I remember thanking the Nurse who called me, from the Breast Center, to give me my diagnosis. I thought, her job is not an easy one. How many times in a day or week did she have to make that call, share that life altering news with a patient?

Faith, positive thinking, exercise, leaning on friends & family for support is HUGE. Learning to accept gifts from others I did not know was something new for me. Realizing that others did care, they wanted to help me in whatever way they could, very humbling.

Scary to not know how you’re going to handle financial challenges, work, three children and your own health through surgery, chemotherapy, radiation and hormone therapy.

Tricia’s Hope has been an outstanding support to me and my children from emotional to mental health to financial. Knowing I wasn’t alone, that someone who didn’t even know me cared about me & my family’s well-being.

With such support, I knew that I could/can handle every step of my treatment & recovery. Does getting a cancer diagnosis change your world? Yes, but after I finish fighting my fight to be cancer free, I hope to live a normal life.

I’m here to say: ask a lot of questions; have a loved one w/you at appointments; lean on your oncology team of nurses & doctors; and stay positive. I have had my days of crying like a baby, not because I was thinking, “oh, why me” but because I felt overwhelmed with the information given. Not knowing “what I didn’t know”, waiting on answers from diagnostic tests to keeping my chin up and showing my children how to stand up and fight for oneself, even when it’s tough.

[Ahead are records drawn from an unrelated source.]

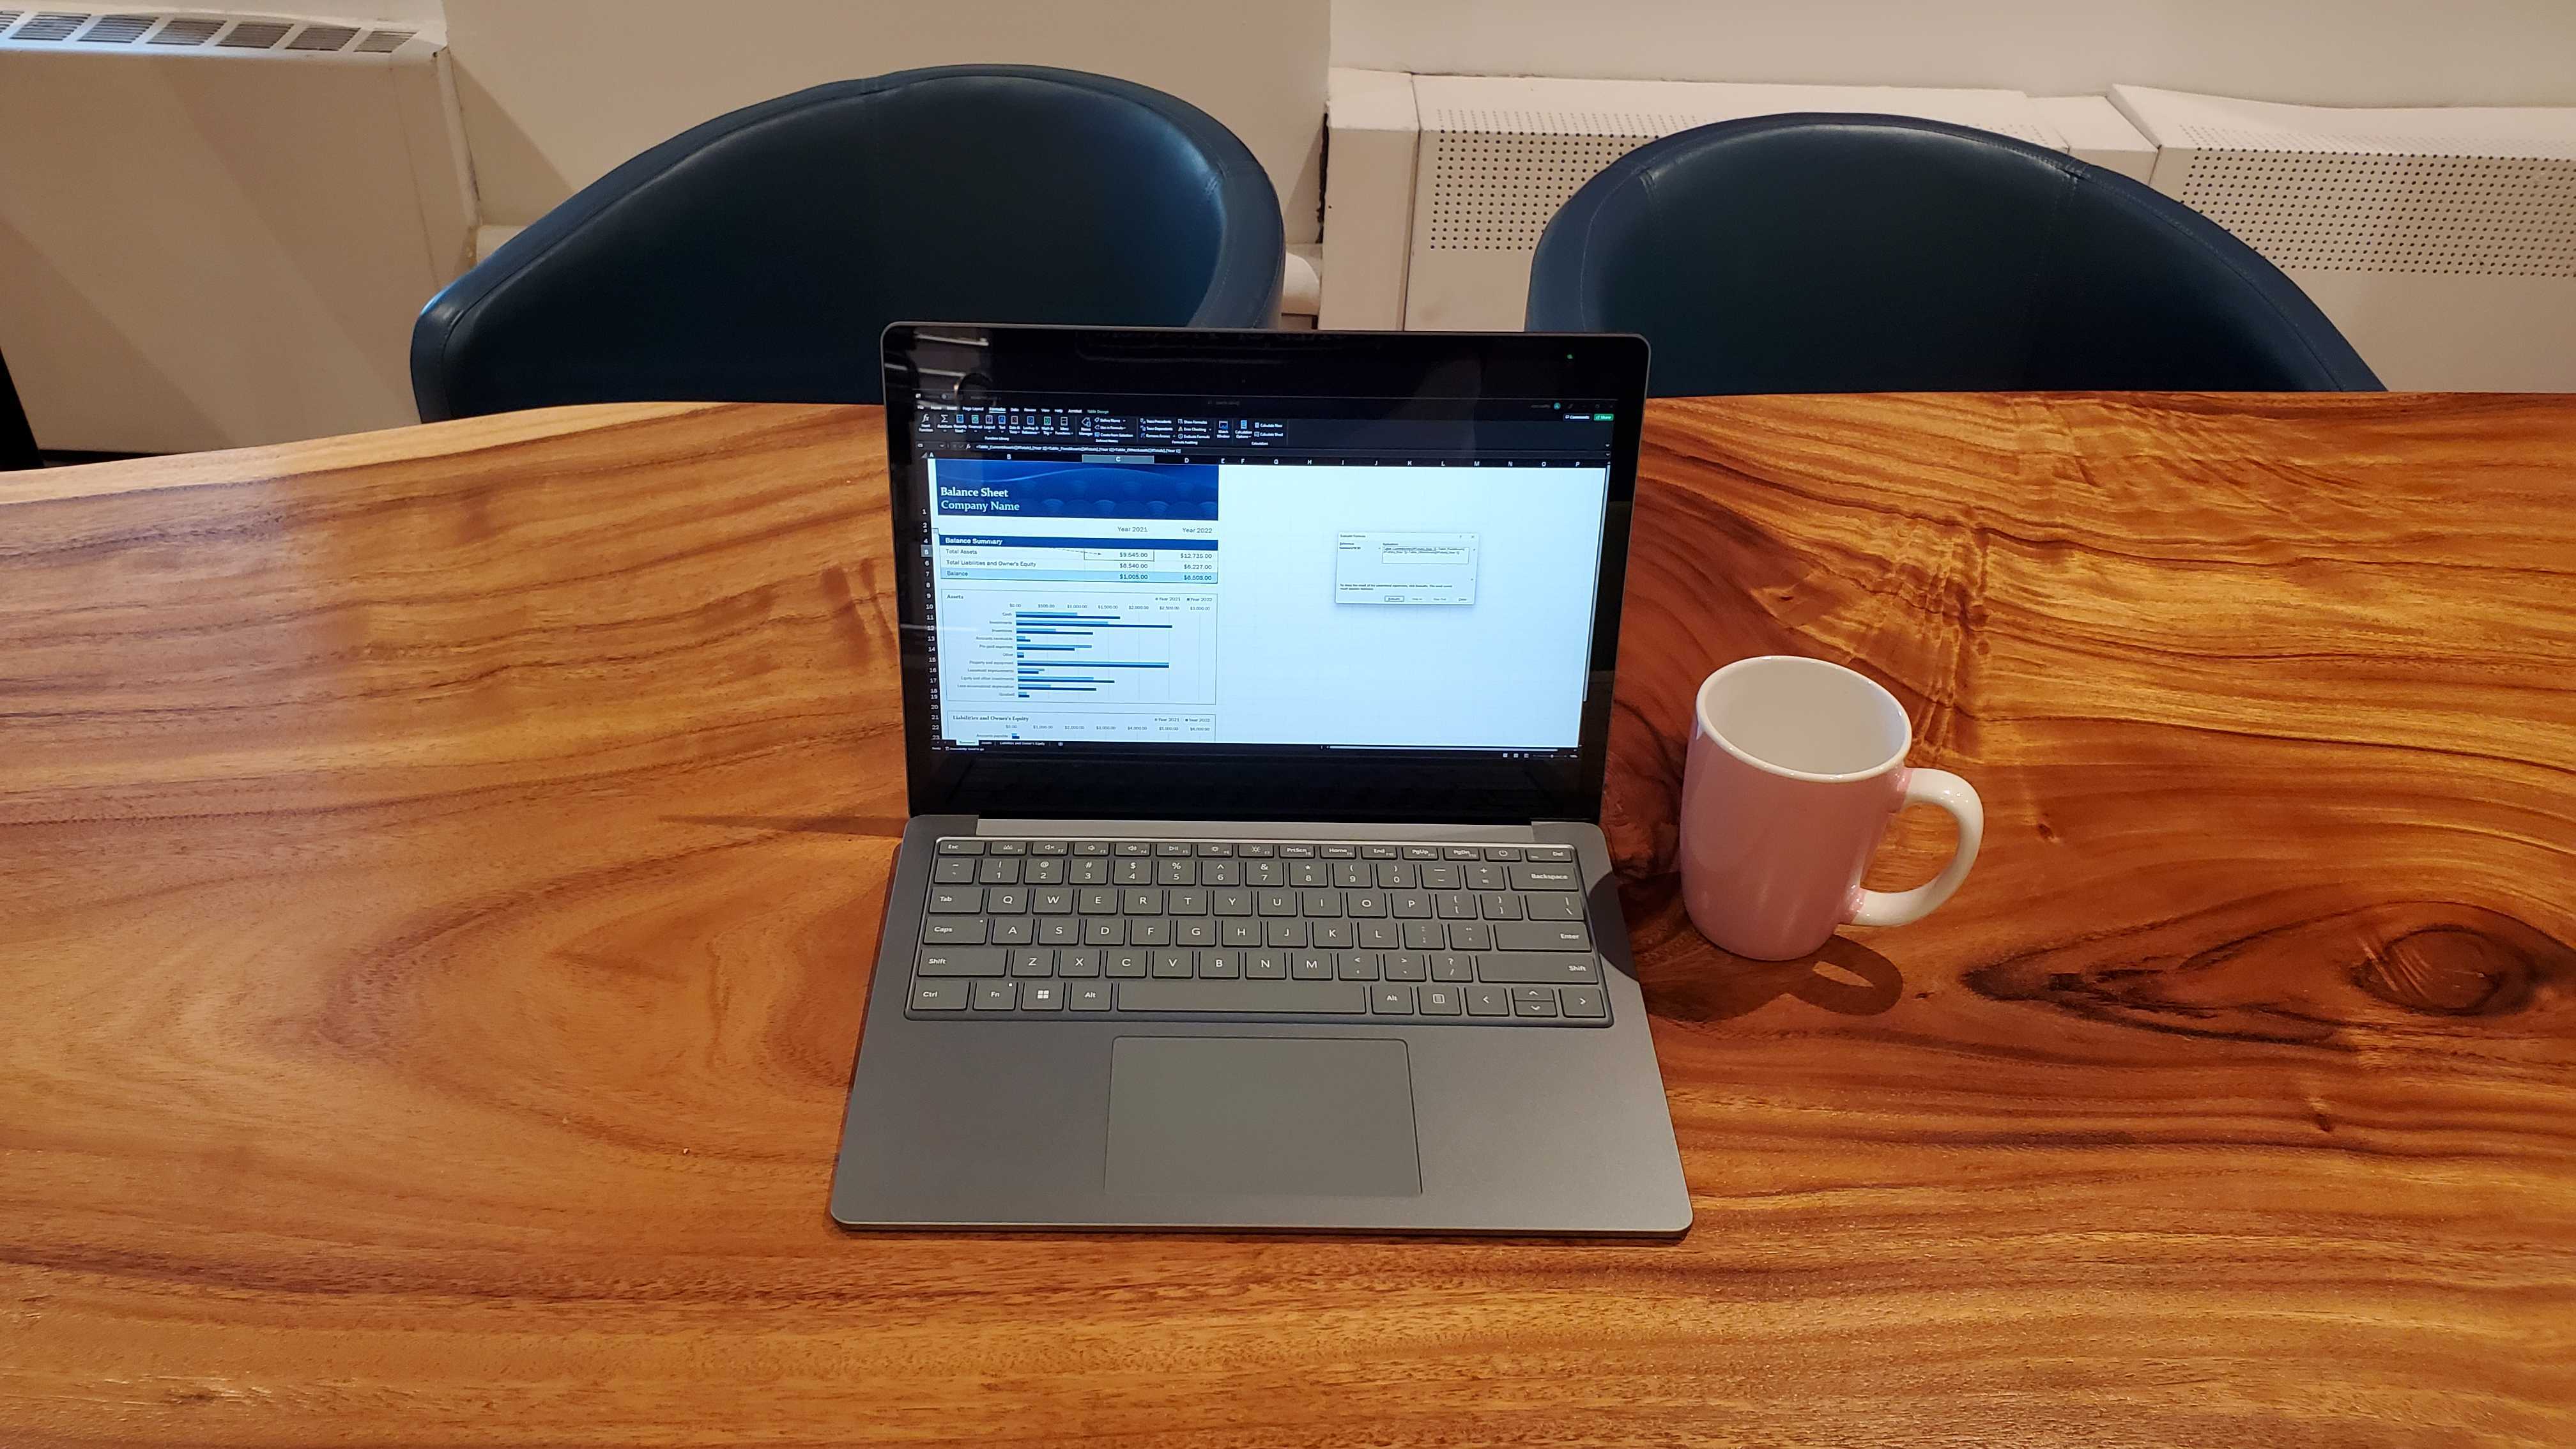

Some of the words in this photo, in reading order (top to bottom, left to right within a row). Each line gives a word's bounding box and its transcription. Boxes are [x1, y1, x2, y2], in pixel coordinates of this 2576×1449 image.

[941, 487, 979, 496] Balance
[981, 488, 1008, 497] Sheet
[941, 500, 988, 512] Company
[991, 502, 1020, 510] Name
[1003, 896, 1013, 904] Q
[1055, 926, 1062, 935] S
[1101, 926, 1110, 935] D
[1147, 927, 1154, 935] F
[1284, 928, 1289, 937] J
[1329, 929, 1336, 937] K
[1028, 958, 1037, 966] Z
[1075, 958, 1084, 966] X
[1122, 958, 1131, 967] C
[1216, 959, 1223, 967] B
[1261, 960, 1270, 968] N
[1306, 960, 1317, 969] M

Cancer is not the death sentence, it once was. If I can encourage you — be positive, ask questions, keep active, rest when your body tells you to, and hydrate, hydrate, hydrate. It all helps keep your outlook more positive so you can brave the tough days after diagnosis, surgery, chemo, etc. I’m not quite 1/2 way through chemotherapy but I’ll handle anything that comes my way. I am grateful for my village of supporters, locally, and throughout the country.